Адриан с открытым ртом слушал знаменитого доктора. От горячего листа в печке перед балаганом с «братцами» на него веяло необыкновенно приятным ароматом, и он бы с наслаждением полакомился тарелкой свежего печенья. Уже богатая булочница махала ему ложкой, но он прижал руку к кошельку и снова устремил глаза на фокусника, тележка которого была теперь окружена несколькими мужчинами и женщинами, покупавшими целительные настойки и лекарства.

В доме его отца лежала больная Хенрика. Его два раза водили к ней, и ее бледное красивое лицо с большими темными глазами наполнило состраданием сердце мальчика. Глубокий чистый голос, которым она произнесла, обращаясь к нему, несколько слов, показался ему удивительным, и глубоко проник ему в душу.
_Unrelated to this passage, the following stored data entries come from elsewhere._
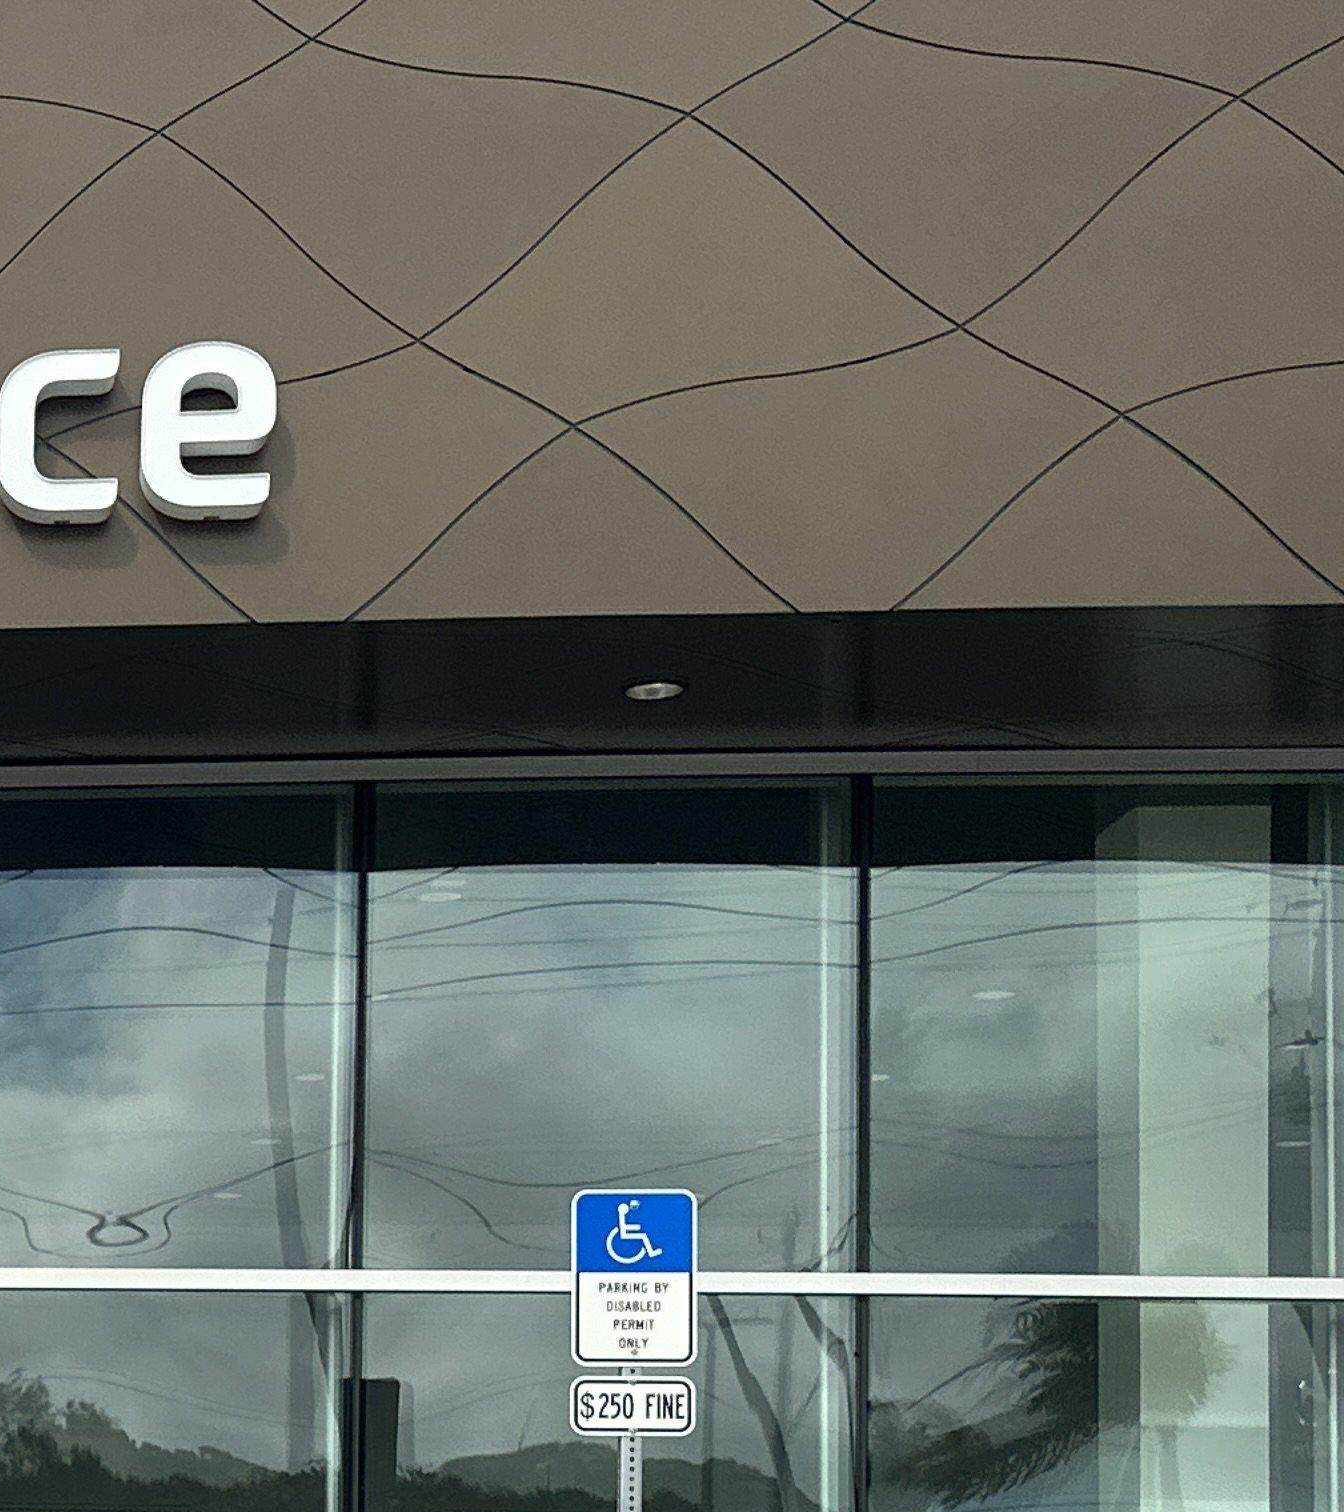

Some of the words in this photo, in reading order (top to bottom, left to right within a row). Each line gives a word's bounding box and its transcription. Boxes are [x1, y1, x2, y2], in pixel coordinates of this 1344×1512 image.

[598, 1282, 648, 1293] PARKING
[655, 1282, 669, 1293] BY
[606, 1302, 662, 1312] DISABLED
[613, 1320, 654, 1330] PERMIT
[619, 1338, 648, 1349] ONLY
[580, 1391, 634, 1421] $250
[646, 1394, 685, 1419] FINE
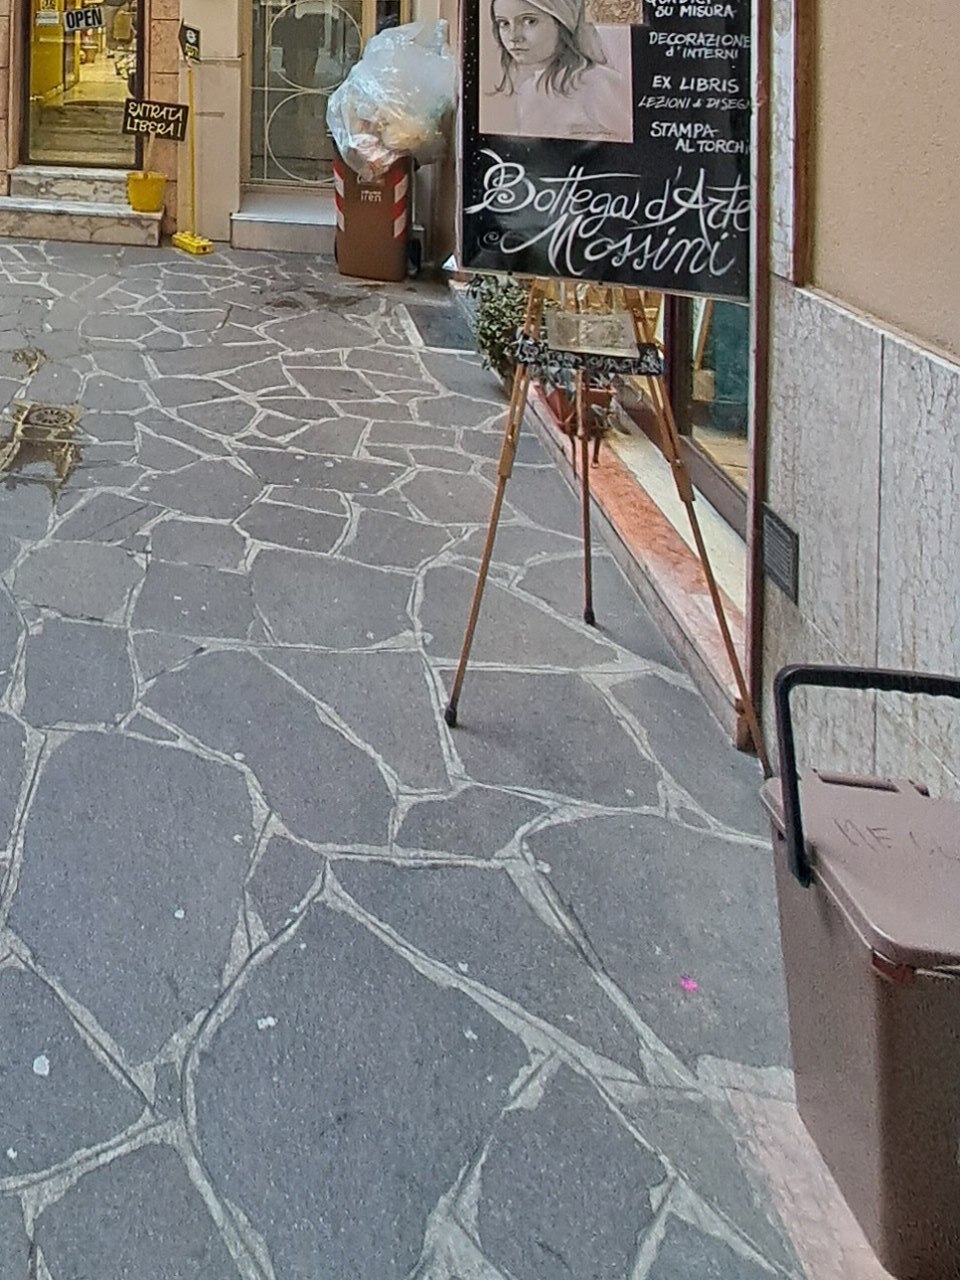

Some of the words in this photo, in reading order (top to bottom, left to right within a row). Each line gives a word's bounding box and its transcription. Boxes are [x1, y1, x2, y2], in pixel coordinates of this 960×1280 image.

[65, 8, 103, 29] OPEN
[654, 5, 674, 18] SU
[679, 4, 738, 19] MISURA
[652, 75, 672, 90] EX
[679, 76, 740, 94] LIBRIS
[638, 96, 692, 109] LEZIONI
[650, 121, 719, 139] STAMPA
[674, 138, 696, 154] AL
[464, 149, 641, 239] Bottega
Однажды утром он узнал, что Хенрика находится у них, и с тех пор редко видел мать, а в доме стало еще тише, чем прежде; все ходили на цыпочках, говорили полушепотом; вместо того чтобы брать молоток, стучали осторожно в окно, и всякий раз, когда он или Лизочка громко смеялись или в забывчивости прыгали по ступенькам, спускаясь или поднимаясь по лестнице, появлялись Варвара, мать или Траутхен и говорили шепотом: «Тише, дети, у фрейлейн болит голова».

И вот там, наверху тележки, стояли пузырьки, которые обещали исцеление от этих болей, и знаменитый Морпурго казался рассудительным человеком, а не каким-нибудь скоморохом, как другие фокусники; а тут еще жена булочника Вильгельма Петерсона сказала своей спутнице, что лекарства должны быть хороши, потому что они живо вылечили ее куму от сильной рожи на лице.
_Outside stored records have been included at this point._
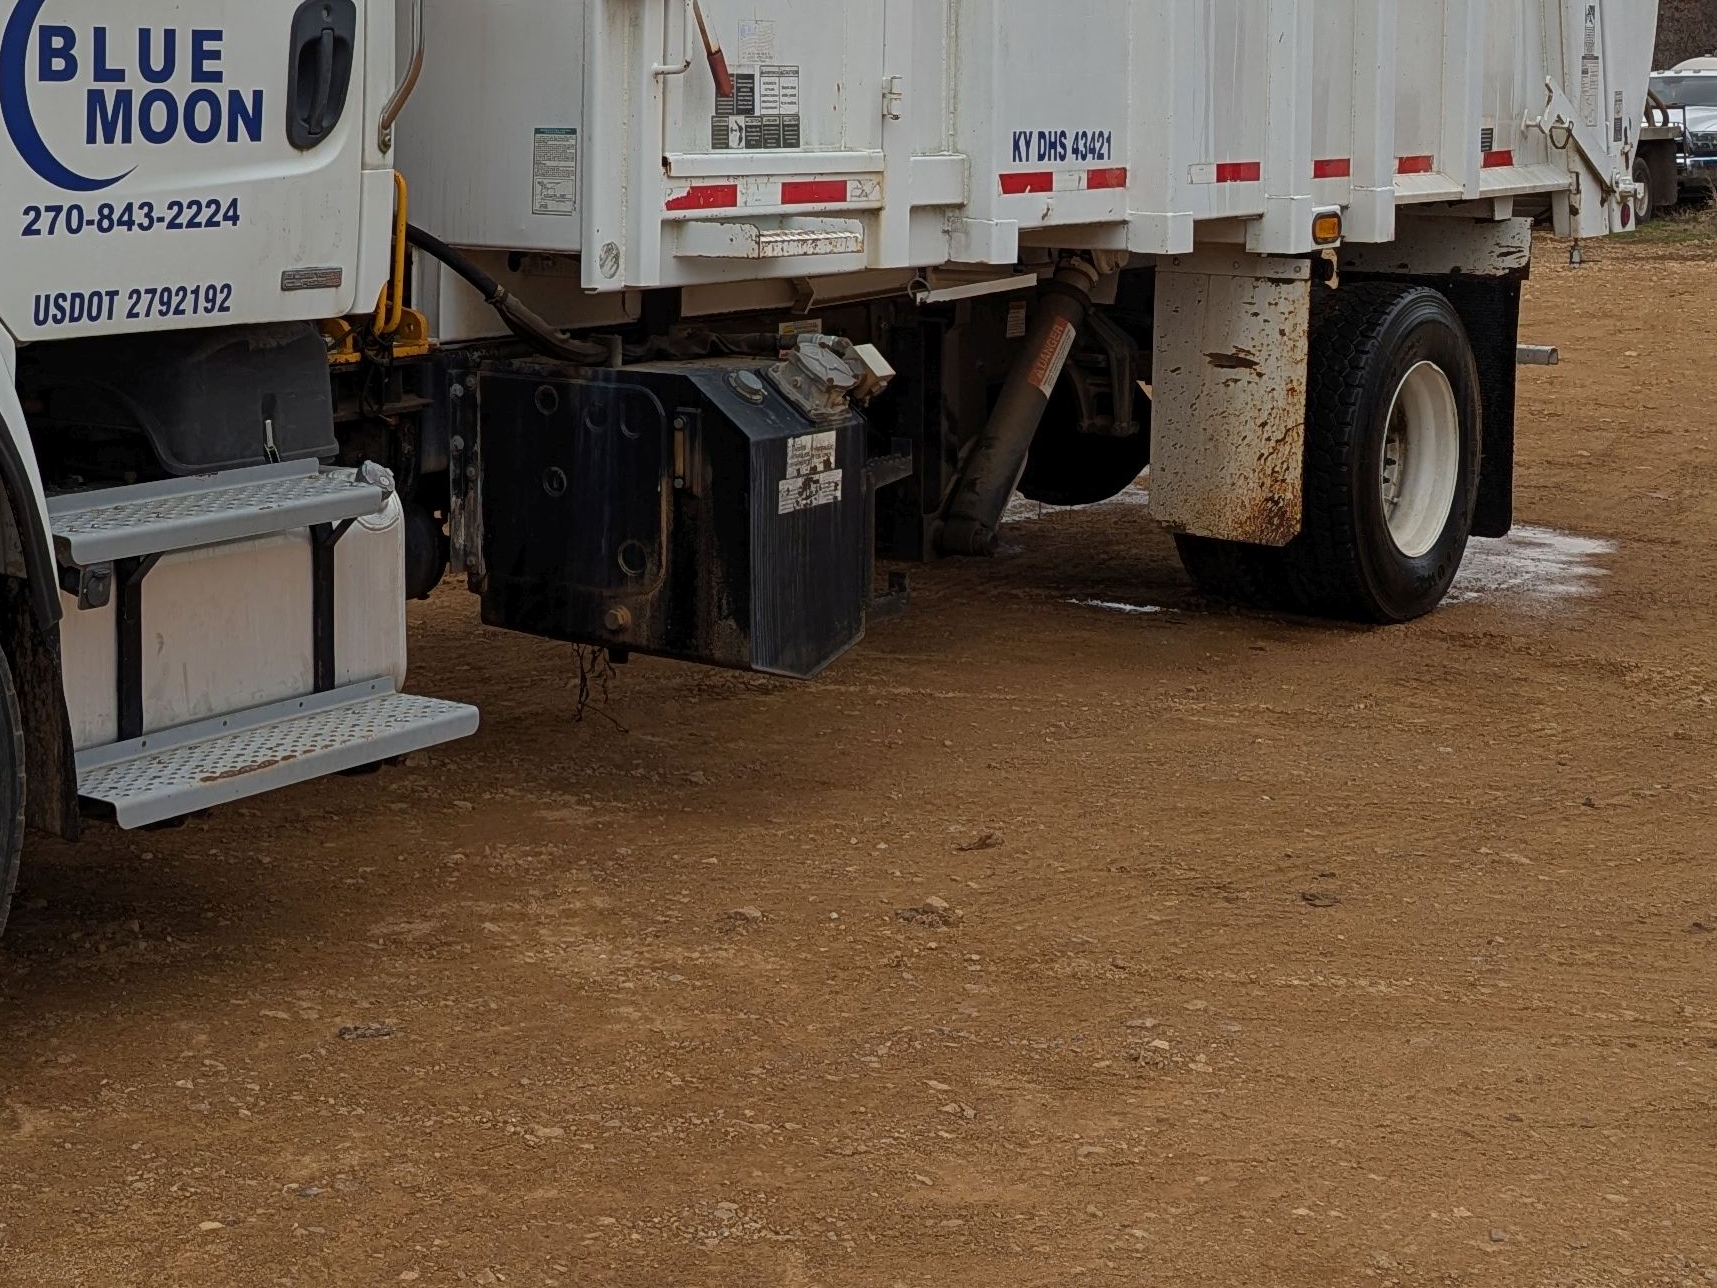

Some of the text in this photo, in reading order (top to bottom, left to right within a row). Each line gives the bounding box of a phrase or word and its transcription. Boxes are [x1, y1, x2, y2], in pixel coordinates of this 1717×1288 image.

[38, 24, 224, 84] BLUE
[85, 88, 264, 145] MOON
[1012, 129, 1112, 163] KY DHS 43421
[20, 197, 241, 237] 270-843-2224
[33, 282, 233, 327] USDOT 2792192
[1038, 324, 1064, 370] DANGER
Это уверение окончательно укрепило мальчика в его решении. Еще раз перед ним пронеслись образы рыцарского меча, арбалета, пряников и сочных «братцев», но он большим усилием воли прогнал их от себя, задержал дыхание, чтобы не слышать соблазнительного запаха «братцев», и быстро подошел к тележке. Тут он отвязал от пояса кошелек, высыпал его содержимое на руку и, показывая его доктору, который с благосклонным видом устремил свои черные глаза на странного покупателя, спросил его:

— Довольно этого?

— За что?

— За лекарство против головной боли.

Фокусник разложил с помощью указательного пальца мелкие монеты на руке Адриана и возразил серьезно:

— Нет, мой сын; но все же меня радует, когда я могу помочь науке. Тебе придется еще много учиться в школе, а головная боль очень мешает этому. Вот капли, и так как они для тебя, то я отдам тебе еще в придачу наставление для другой арканы.
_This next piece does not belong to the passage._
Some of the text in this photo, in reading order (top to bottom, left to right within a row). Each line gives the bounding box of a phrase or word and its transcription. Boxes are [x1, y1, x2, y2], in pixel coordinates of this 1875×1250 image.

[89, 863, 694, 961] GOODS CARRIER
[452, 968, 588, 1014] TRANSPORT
Адриан с готовностью завернул скляночку, которую дал ему фокусник, в печатный лист бумаги, зажал в руке так дорого доставшееся ему сокровище и побежал домой. Дорогой его остановил капитан Аллертсон, который вместе с Вильгельмом шел ему навстречу.

— Видел ты моего Андреаса, господин гуляка? — спросил он мальчика.

— Он стоял возле музыкантов, в Раненбурге, и слушал, — и, сказав это, Адриан вырвался из рук рослого капитана и исчез в толпе.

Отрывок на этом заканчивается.